[Saved entries]
==========

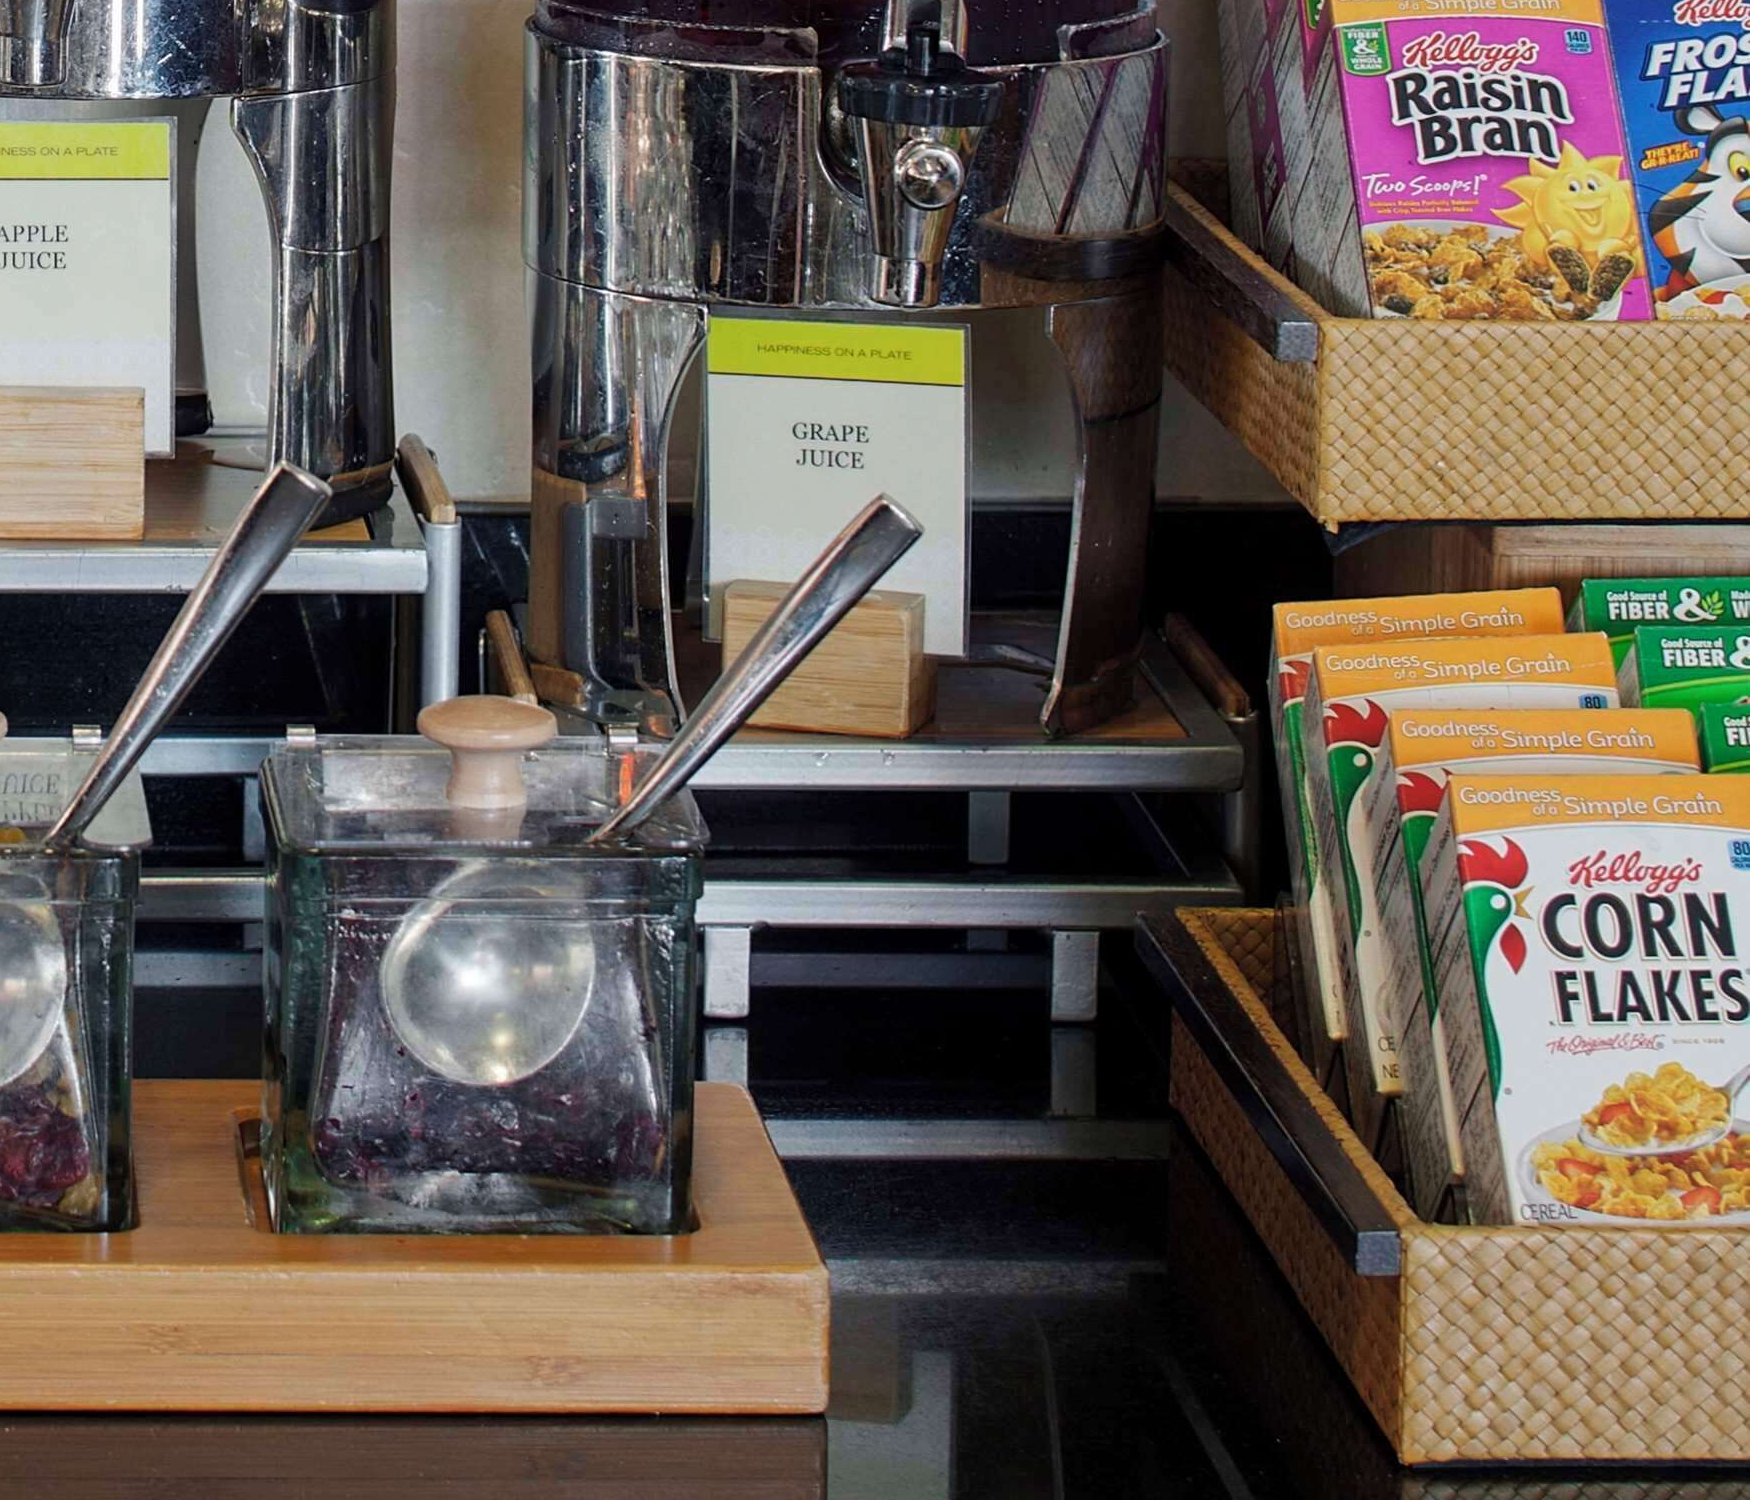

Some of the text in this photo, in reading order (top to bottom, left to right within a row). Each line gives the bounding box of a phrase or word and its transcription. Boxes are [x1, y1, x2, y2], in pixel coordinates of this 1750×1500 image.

[1567, 31, 1587, 42] 140
[1404, 31, 1539, 72] Kellogg's
[1391, 71, 1570, 120] Raisin
[1663, 66, 1750, 107] FLA
[40, 146, 62, 157] ON
[63, 146, 73, 157] A
[75, 146, 119, 157] PLATE
[1418, 115, 1560, 161] Bran
[1362, 173, 1480, 198] Two Scoops!
[756, 344, 913, 361] HAPPINESS ON A PLATE
[791, 422, 870, 443] GRAPE
[796, 449, 865, 470] JUICE
[1607, 591, 1629, 601] Good
[1630, 591, 1656, 601] Source
[1608, 588, 1717, 622] FIBER &
[1285, 611, 1378, 630] Goodness
[1379, 614, 1456, 636] Simple
[1460, 607, 1524, 630] Grain
[1661, 638, 1683, 648] Good
[1326, 653, 1420, 673] Goodness
[1422, 660, 1501, 682] Simple
[1505, 653, 1571, 676] Grain
[1662, 648, 1726, 667] FIBER
[1585, 696, 1601, 708] 80
[1402, 720, 1499, 738] Goodness
[1501, 729, 1582, 753] Simple
[1586, 726, 1654, 749] Grain
[1459, 787, 1562, 804] Goodness
[1564, 796, 1648, 819] Simple
[1650, 792, 1722, 815] Grain
[1569, 850, 1703, 895] Kellogg's
[1542, 892, 1736, 959] CORN
[1553, 969, 1750, 1024] FLAKES
[1545, 1037, 1568, 1054] The
[1568, 1033, 1616, 1055] Original
[1520, 1203, 1577, 1222] CEREAL
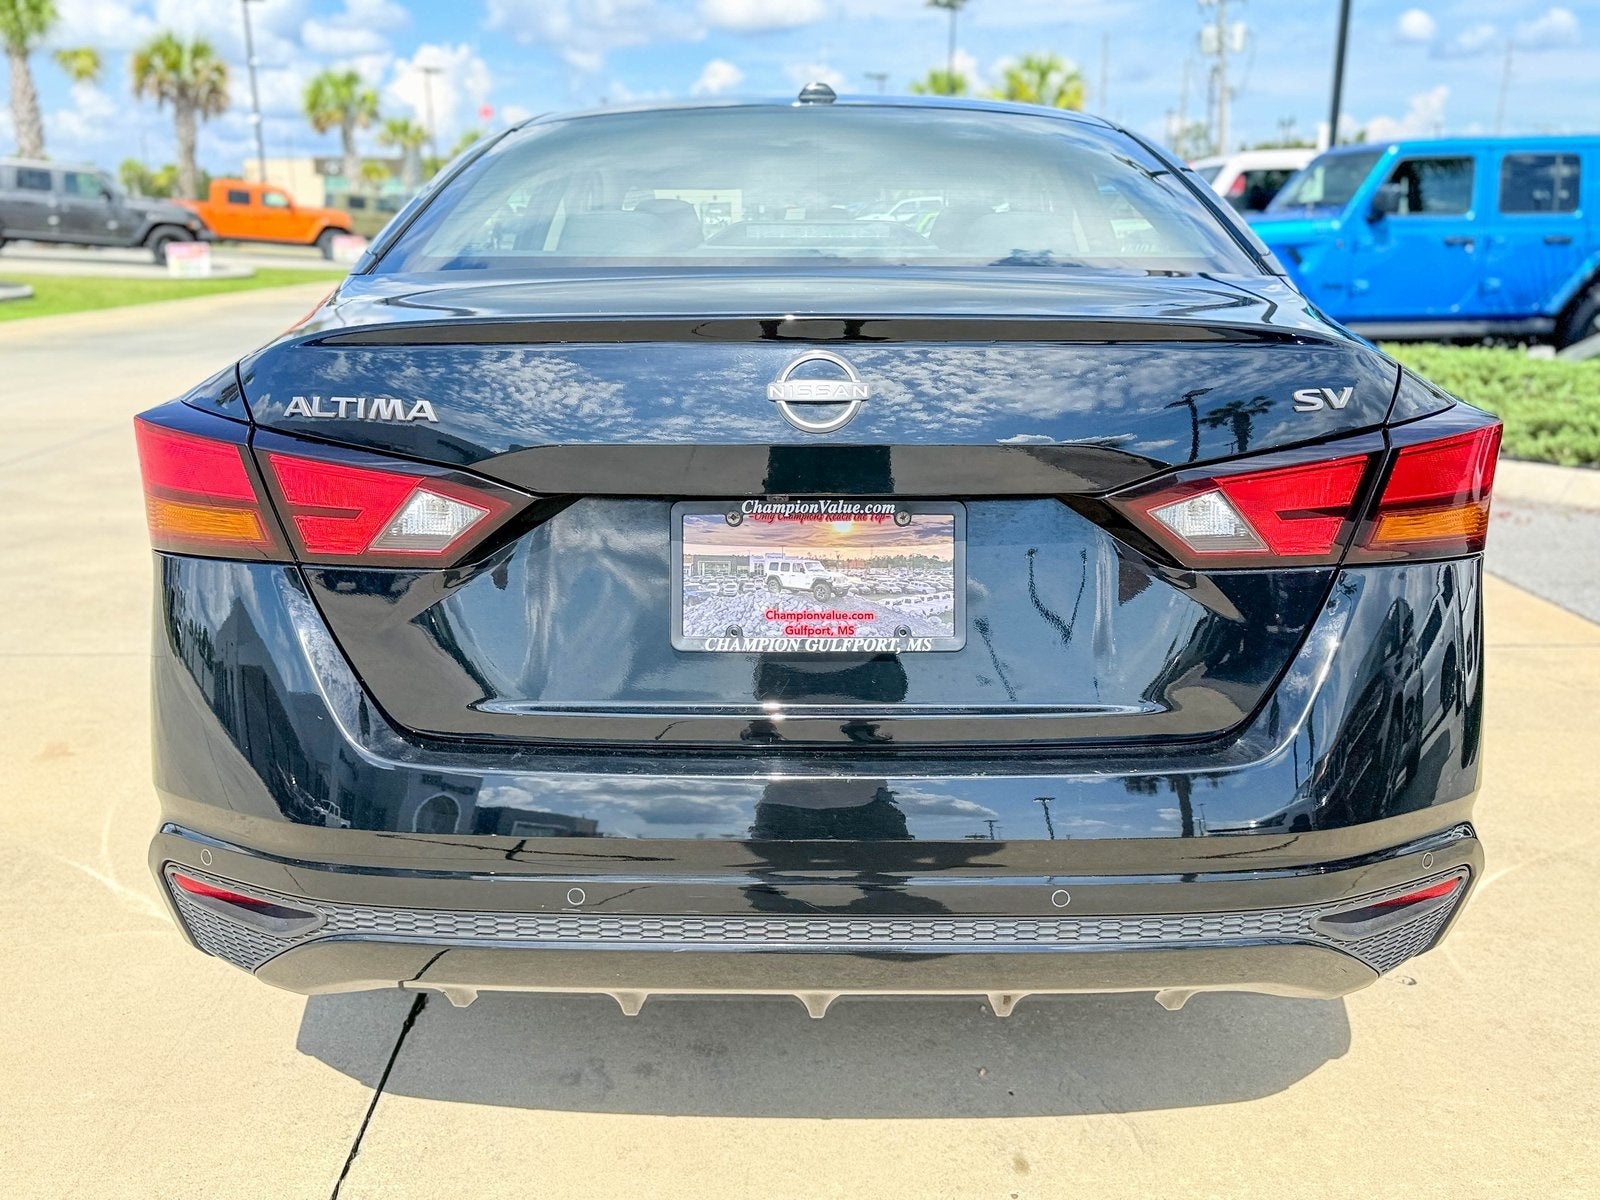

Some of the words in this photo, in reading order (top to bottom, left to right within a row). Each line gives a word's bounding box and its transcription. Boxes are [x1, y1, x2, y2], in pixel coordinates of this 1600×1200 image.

[769, 384, 868, 398] NISSAN
[1292, 386, 1354, 412] SV
[283, 396, 440, 423] ALTIMA
[741, 500, 896, 517] ChampionValue.com
[765, 610, 874, 622] Championvalue.com
[785, 625, 835, 636] Gulfport,
[837, 626, 855, 635] MS
[704, 638, 800, 652] CHAMPION
[804, 638, 902, 654] GULFPORT,
[906, 638, 933, 652] MS

==========

WHAT YOU NEED TO DO: Could you write the entries out again exactly, without their pictures?

ANSWER FOR THE TASK:
Some of the text in this photo, in reading order (top to bottom, left to right within a row). Each line gives the bounding box of a phrase or word and its transcription. Boxes are [x1, y1, x2, y2], in pixel coordinates of this 1750×1500 image.

[1567, 31, 1587, 42] 140
[1404, 31, 1539, 72] Kellogg's
[1391, 71, 1570, 120] Raisin
[1663, 66, 1750, 107] FLA
[40, 146, 62, 157] ON
[63, 146, 73, 157] A
[75, 146, 119, 157] PLATE
[1418, 115, 1560, 161] Bran
[1362, 173, 1480, 198] Two Scoops!
[756, 344, 913, 361] HAPPINESS ON A PLATE
[791, 422, 870, 443] GRAPE
[796, 449, 865, 470] JUICE
[1607, 591, 1629, 601] Good
[1630, 591, 1656, 601] Source
[1608, 588, 1717, 622] FIBER &
[1285, 611, 1378, 630] Goodness
[1379, 614, 1456, 636] Simple
[1460, 607, 1524, 630] Grain
[1661, 638, 1683, 648] Good
[1326, 653, 1420, 673] Goodness
[1422, 660, 1501, 682] Simple
[1505, 653, 1571, 676] Grain
[1662, 648, 1726, 667] FIBER
[1585, 696, 1601, 708] 80
[1402, 720, 1499, 738] Goodness
[1501, 729, 1582, 753] Simple
[1586, 726, 1654, 749] Grain
[1459, 787, 1562, 804] Goodness
[1564, 796, 1648, 819] Simple
[1650, 792, 1722, 815] Grain
[1569, 850, 1703, 895] Kellogg's
[1542, 892, 1736, 959] CORN
[1553, 969, 1750, 1024] FLAKES
[1545, 1037, 1568, 1054] The
[1568, 1033, 1616, 1055] Original
[1520, 1203, 1577, 1222] CEREAL

Some of the words in this photo, in reading order (top to bottom, left to right within a row). Each line gives a word's bounding box and its transcription. Boxes are [x1, y1, x2, y2], in pixel coordinates of this 1600×1200 image.

[769, 384, 868, 398] NISSAN
[1292, 386, 1354, 412] SV
[283, 396, 440, 423] ALTIMA
[741, 500, 896, 517] ChampionValue.com
[765, 610, 874, 622] Championvalue.com
[785, 625, 835, 636] Gulfport,
[837, 626, 855, 635] MS
[704, 638, 800, 652] CHAMPION
[804, 638, 902, 654] GULFPORT,
[906, 638, 933, 652] MS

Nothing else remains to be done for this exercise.